> [Task directions]: All of the data goes into your copy exactly as written. Images do not.

(Beginning of Provided data)

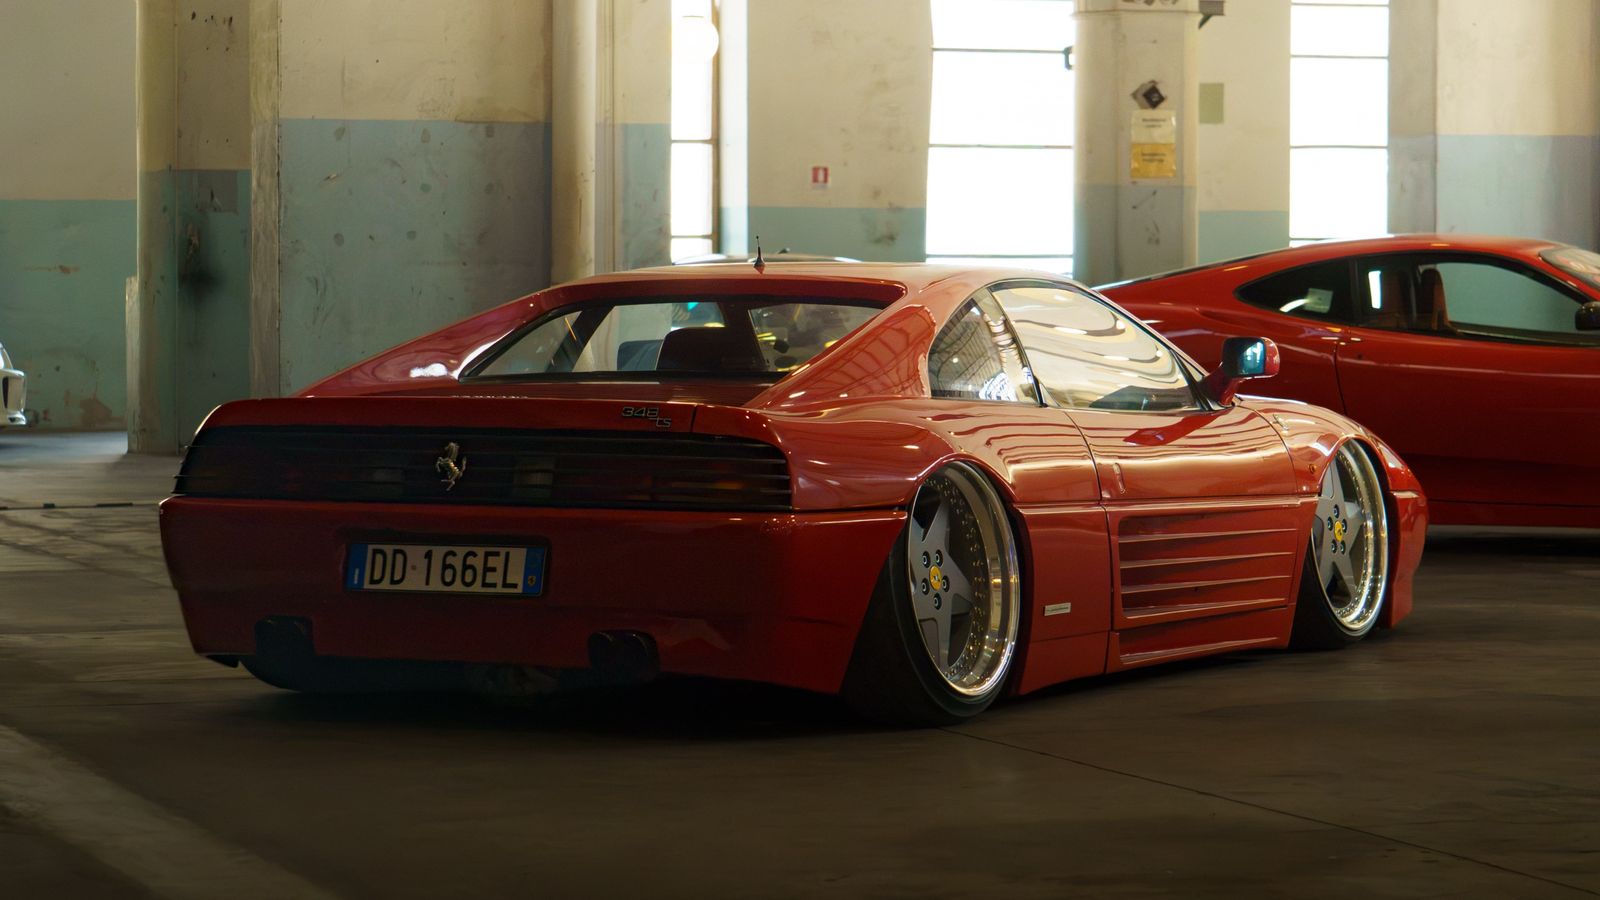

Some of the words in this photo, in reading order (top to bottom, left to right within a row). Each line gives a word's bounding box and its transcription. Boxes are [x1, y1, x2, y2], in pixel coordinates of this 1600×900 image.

[622, 406, 660, 418] 348
[369, 548, 407, 586] DD
[424, 549, 518, 590] 166EL
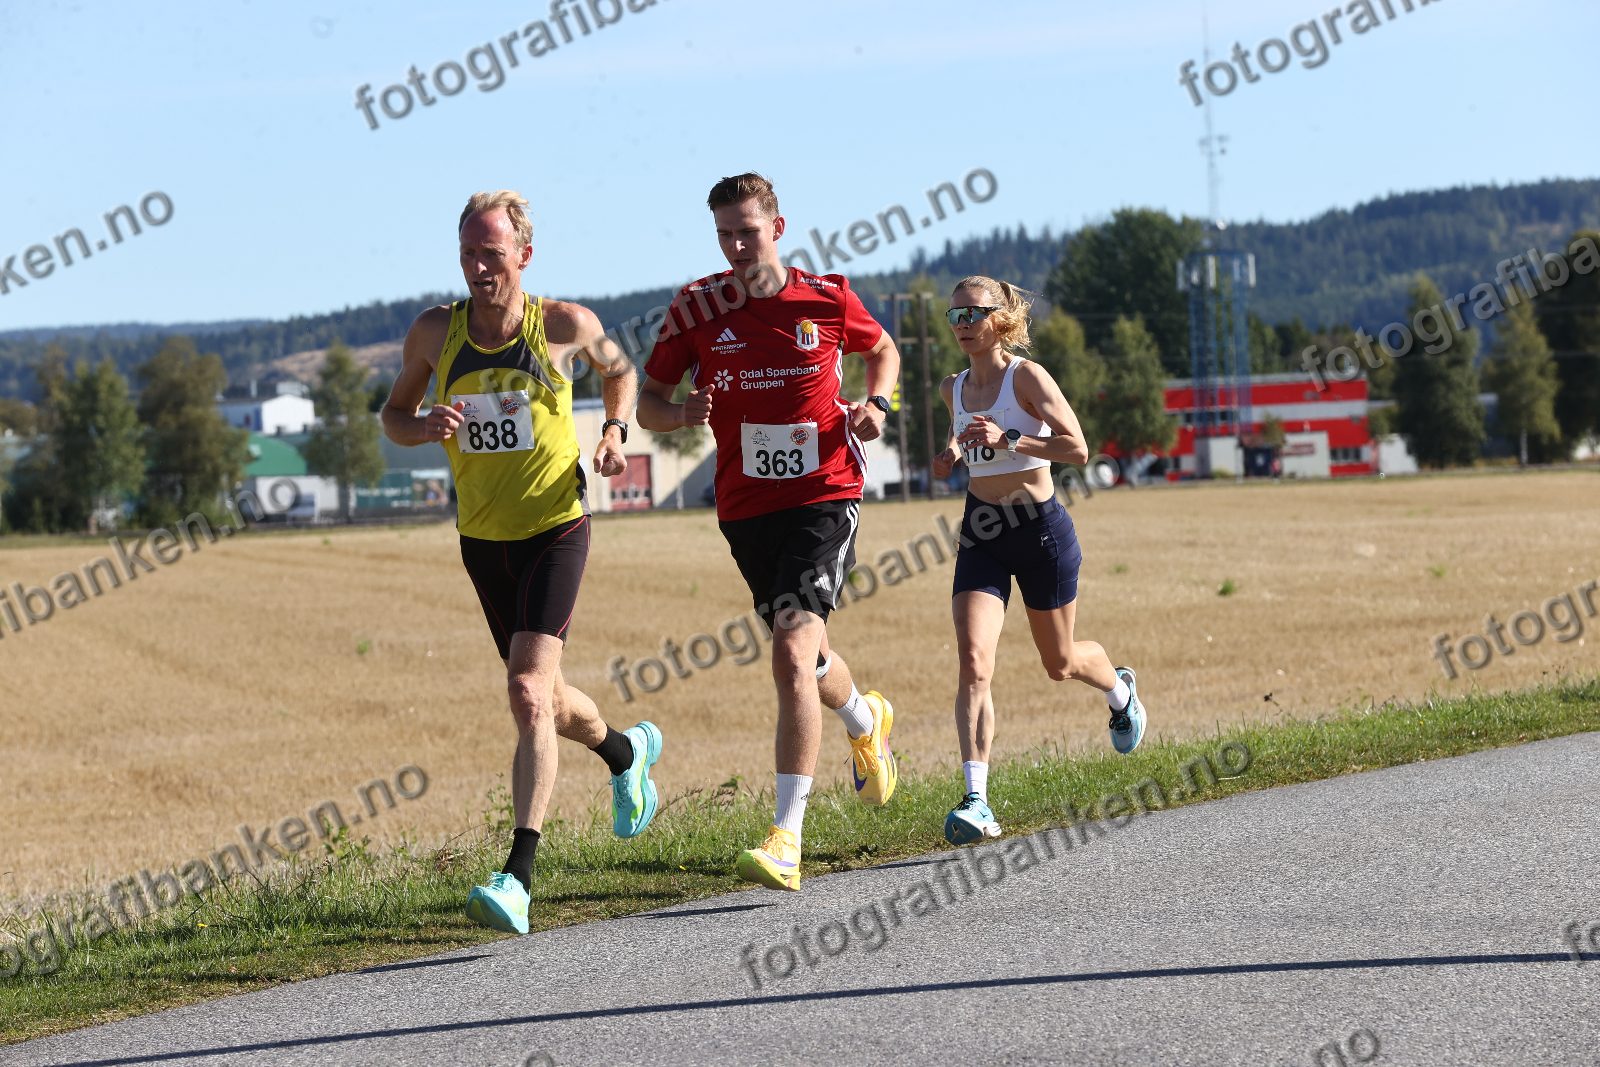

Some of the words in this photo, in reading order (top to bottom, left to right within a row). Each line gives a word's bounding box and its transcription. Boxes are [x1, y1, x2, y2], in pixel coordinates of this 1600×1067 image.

[739, 369, 764, 380] Odal
[765, 364, 821, 379] Sparebank
[740, 379, 785, 391] Gruppen
[467, 418, 519, 451] 838
[755, 448, 805, 477] 363

(End of Provided data)

> [Solution to the problem]:
Some of the words in this photo, in reading order (top to bottom, left to right within a row). Each line gives a word's bounding box and its transcription. Boxes are [x1, y1, x2, y2], in pixel coordinates of this 1600×900 image.

[622, 406, 660, 418] 348
[369, 548, 407, 586] DD
[424, 549, 518, 590] 166EL

Some of the words in this photo, in reading order (top to bottom, left to right within a row). Each line gives a word's bounding box and its transcription. Boxes are [x1, y1, x2, y2], in pixel coordinates of this 1600×1067 image.

[739, 369, 764, 380] Odal
[765, 364, 821, 379] Sparebank
[740, 379, 785, 391] Gruppen
[467, 418, 519, 451] 838
[755, 448, 805, 477] 363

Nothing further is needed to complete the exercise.